Een Maine Coon kat is rond een jaar of 3 – 4 volwassen en helemaal uitgegroeid. Dan pas is goed te zien hoe vol de vacht is. De ene kat zal sneller een volle vacht krijgen dan de ander. Ook is het nog van invloed welke seizoen het is, maar het hele jaar hebben ze veel haar.

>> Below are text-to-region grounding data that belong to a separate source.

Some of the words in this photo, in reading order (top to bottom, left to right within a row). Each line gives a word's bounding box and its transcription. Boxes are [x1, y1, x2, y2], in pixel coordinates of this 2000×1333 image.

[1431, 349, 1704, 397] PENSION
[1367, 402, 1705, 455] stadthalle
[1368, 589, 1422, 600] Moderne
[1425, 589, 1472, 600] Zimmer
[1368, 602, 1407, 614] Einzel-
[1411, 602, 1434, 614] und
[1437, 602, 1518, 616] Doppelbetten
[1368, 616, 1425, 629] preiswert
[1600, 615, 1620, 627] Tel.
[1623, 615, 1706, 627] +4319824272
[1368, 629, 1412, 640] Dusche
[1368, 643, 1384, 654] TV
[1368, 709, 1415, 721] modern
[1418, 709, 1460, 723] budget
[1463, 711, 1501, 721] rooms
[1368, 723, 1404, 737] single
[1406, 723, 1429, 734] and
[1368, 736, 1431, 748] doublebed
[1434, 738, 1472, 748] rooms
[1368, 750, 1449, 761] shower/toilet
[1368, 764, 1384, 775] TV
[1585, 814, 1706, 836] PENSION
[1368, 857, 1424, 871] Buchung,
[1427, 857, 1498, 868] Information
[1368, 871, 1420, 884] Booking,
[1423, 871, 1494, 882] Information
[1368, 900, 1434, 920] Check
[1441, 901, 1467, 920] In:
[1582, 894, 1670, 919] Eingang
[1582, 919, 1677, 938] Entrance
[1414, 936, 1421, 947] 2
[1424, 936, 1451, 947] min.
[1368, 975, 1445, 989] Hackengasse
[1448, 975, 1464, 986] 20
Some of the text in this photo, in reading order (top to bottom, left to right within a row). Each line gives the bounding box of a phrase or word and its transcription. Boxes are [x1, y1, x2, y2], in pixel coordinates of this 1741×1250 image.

Een bekend kenmerk aan het uiterlijk van de Maine Coon zijn de pluimen op de oren. Toch hebben niet alle Maine Coons dit. Dit komt doordat bepaalde foklijnen geen pluimpjes hadden/hebben. Daarnaast is het nog zo dat bij sommige vachtkleuren de pluimpjes minder zichtbaar zijn. De pluimpjes van bijvoorbeeld een oranje kat vallen minder op dan de pluimpjes van een zwarte kat. Sommige Maine Coons hebben een pluk haar áchter hun oor.
Het wil nog wel eens voorkomen dat Maine Coons een teen meer hebben aan een of meerdere poten. Het is mogelijk voor zowel aan de voor- als aan de achterpoten. Deze afwijking wordt polydactylie genoemd. Het is zeldzaam, maar komt bij Maine Coons veel vaker voor dan bij andere kattenrassen.
Karakter
De Maine Coon is een echte familiekat. Het is een kat die prettig in de omgang is, een open karakter, een groot zelfvertrouwen, intelligent, vriendelijk en een prettig humeur heeft. Maine Coons kunnen goed omgaan met mensen en andere huisdieren. Ze kunnen soms wat verlegen lijken, maar ook op late leeftijd zijn ze nog erg speels en houden van aandacht. Maine Coons zijn goede springers en kunnen daarom erg goed jagen.
De poezen hebben een typisch vrouwenkarakter. De poezen voelen zich sneller beledigd en kunnen wat humeurig zijn. Ze kletsen ook meer dan de katers. Toch verzorgen de poezen zichzelf beter en hoef je als baasje minder vaak te helpen bij het verzorgen van de vacht. De poezen zijn wel wat gereserveerder, maar houden alsnog van aandacht en zijn ook lief.
De katers zijn wat ondeugender en ondernemender. Ze zijn veel knuffeliger dan poezen en worden ook groter dan poezen. Toch houden ze zichzelf minder goed schoon, dus hier moet wel op gelet worden bij katers.
Maine Coons kunnen vaak aparte houdingen aannemen. Ze liggen of zitten vaak als een hond en liggen regelmatig op hun rug met de achterpoten naar een kant en de voorpoten de andere kant op. Verder houden Maine Coons van spelen met (en in) water en kijken ze graag TV.